═════ Record extracts ═════
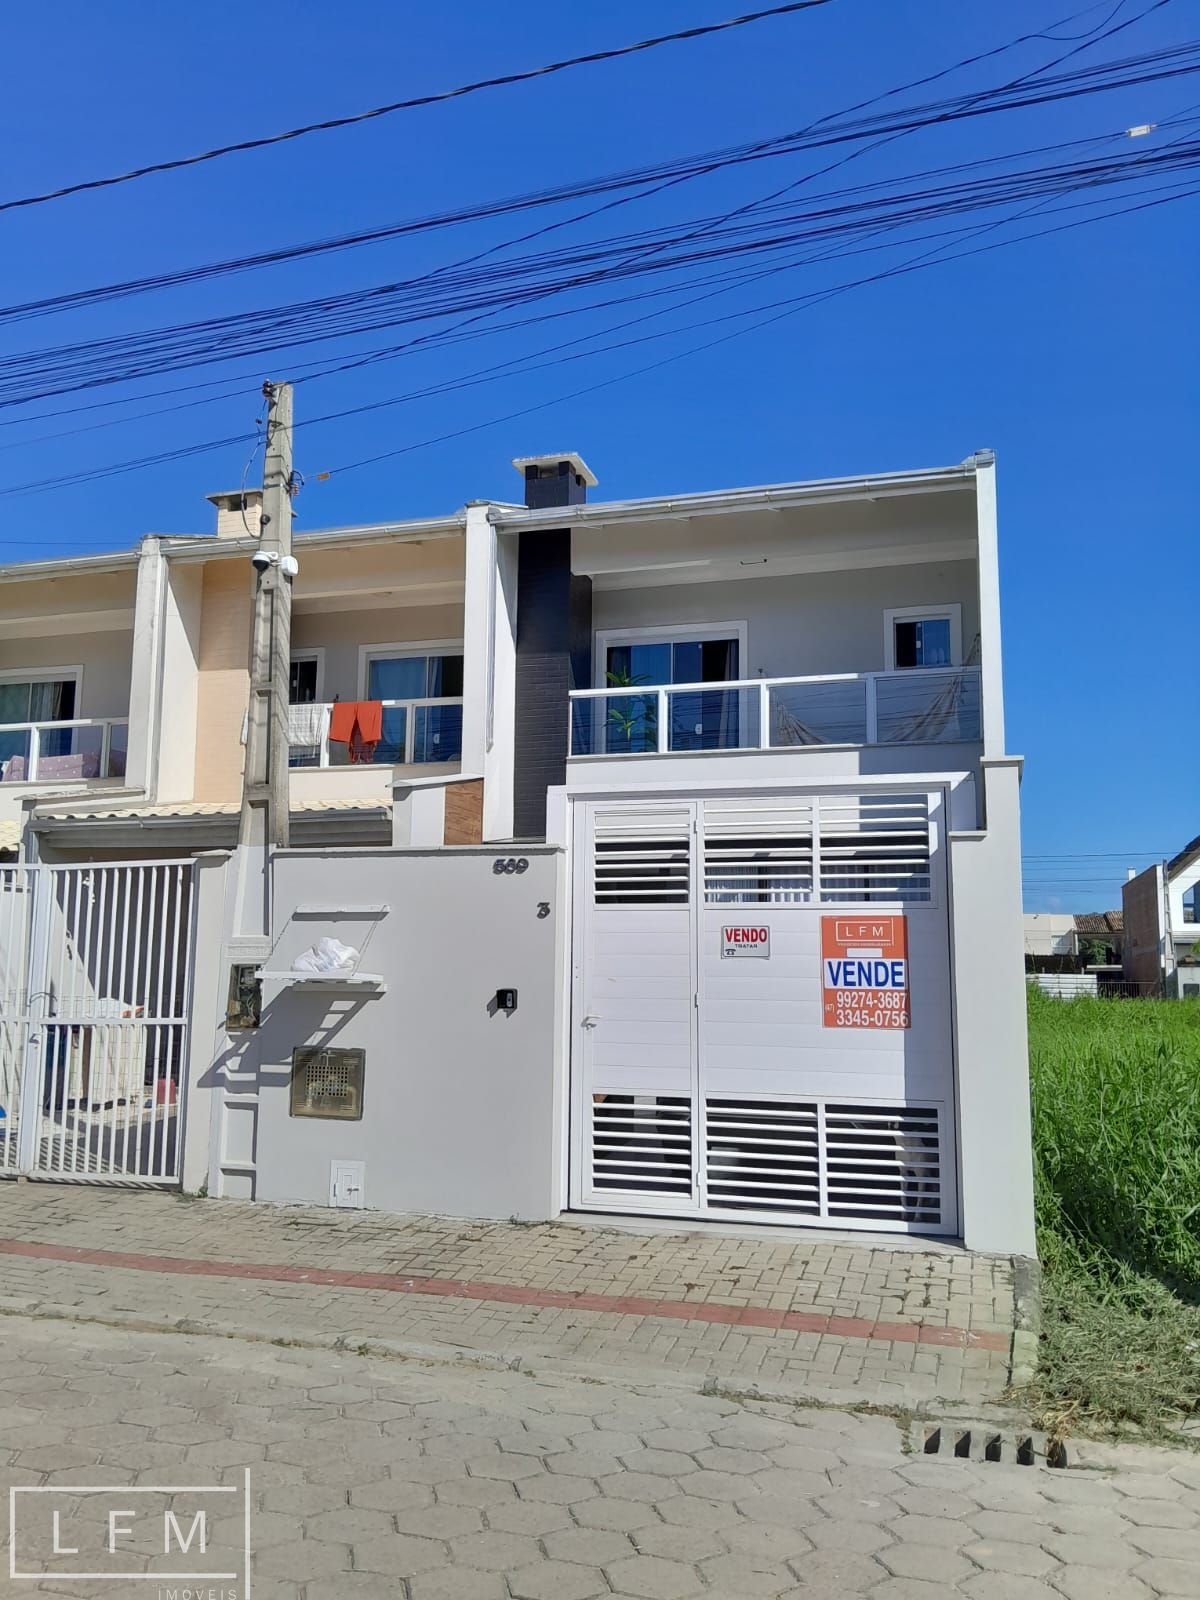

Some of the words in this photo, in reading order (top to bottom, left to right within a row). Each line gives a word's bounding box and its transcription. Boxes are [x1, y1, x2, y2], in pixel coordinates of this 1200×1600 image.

[536, 902, 551, 919] 3
[725, 928, 768, 943] VENDO
[827, 961, 905, 987] VENDE
[836, 991, 907, 1009] 99274-3687
[836, 1009, 909, 1026] 3345-0756
═════
> The problem: Keeping every word as it is, write out all the data and omit the pictures.

> Task output:
Some of the words in this photo, in reading order (top to bottom, left to right within a row). Each line gives a word's bounding box and its transcription. Boxes are [x1, y1, x2, y2], in pixel coordinates of this 1200×1600 image.

[536, 902, 551, 919] 3
[725, 928, 768, 943] VENDO
[827, 961, 905, 987] VENDE
[836, 991, 907, 1009] 99274-3687
[836, 1009, 909, 1026] 3345-0756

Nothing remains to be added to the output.